From the collated information in Table V, Athaya et al. [paper6] presents a similar U-Net approach to that of BP-Net to estimate BP. However, they use fewer number of subjects compared to other prominent existing approaches, thereby, cannot be generalized. Harfiya et al. [paper8] incorporates first and second-order derivatives along with PPG signal as input to train their model. Although their model achieves exemplar performance for many subjects, the complexity of preprocessing involved makes their approach not feasible for edge deployment. Ibtehaz et al. [paper5] makes use of two cascaded U-Net architectures to estimate BP; the computational weight demanded by their approach makes them impractical for inference in a real-time environment. From the perspective of edge implementation, the proposed approach must involve minimal computational power and complexity. BP-Net overcomes the limitations of [paper5, paper8] by using only PPG signal to train a standalone U-Net architecture, thereby reducing the computational complexity involved in porting the model to an edge device.
Though a diverse amount of work has been performed under blood pressure estimation using deep learning, comparison across the established works remains a difficult task. The main reason for the incongruity is the inconsistent evaluation criteria followed by most of the proposed methodologies. Several works proposed, develop a proprietary dataset of their own and evaluate their work suited to their dataset parameters. This poses an issue considering the number of subjects considered by proprietary datasets tends to be very few compared to public datasets. The requirement of a public dataset is satisfied by the MIMIC database. Although appreciable work is done on MIMIC-II for blood pressure estimation, different works lack a general norm on the number of subjects and the evaluation parameters being used.
Prevalent non-invasive BP estimation procedures require extensive feature engineering associated with PPG and/or other signals.
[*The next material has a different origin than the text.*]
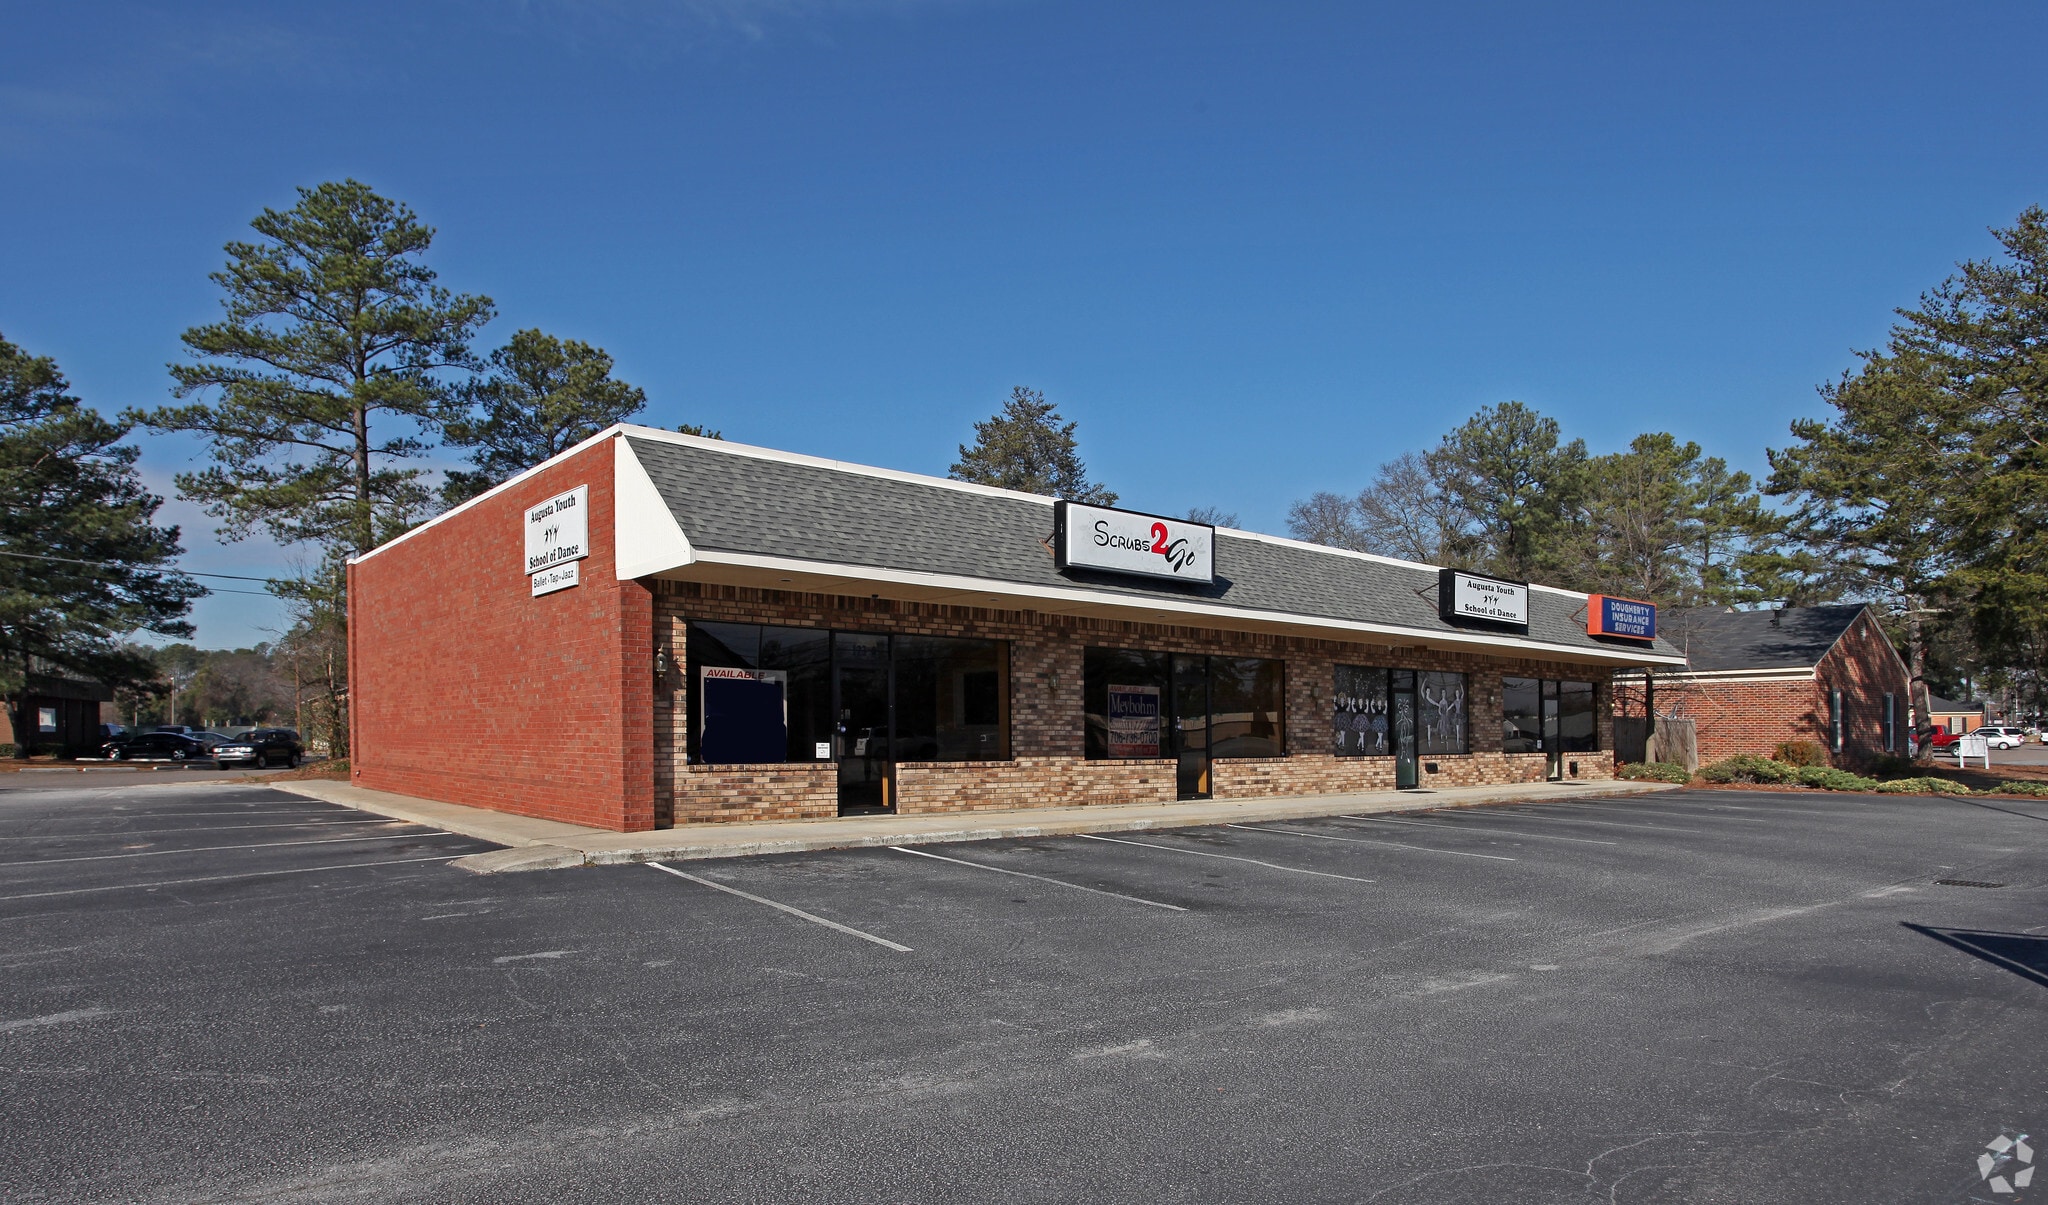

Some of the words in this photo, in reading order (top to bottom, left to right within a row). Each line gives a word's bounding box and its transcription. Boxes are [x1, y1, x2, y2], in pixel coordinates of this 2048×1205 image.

We alleviate this problem by proposing a Deep Learning based solution to be deployed on resource-constrained devices. In this paper, we develop a U-Net architecture that performs signal-to-signal translation from PPG signal to ABP signal to estimate SBP and DBP values. We further benchmark the inference time of our model on a resource-constrained Raspberry Pi 4 device to validate its application on an embedded or edge platform. Although the performance of BP-Net is comparable to the existing well-known approaches, it can further be improved by increasing the number of subjects taken for experimentation.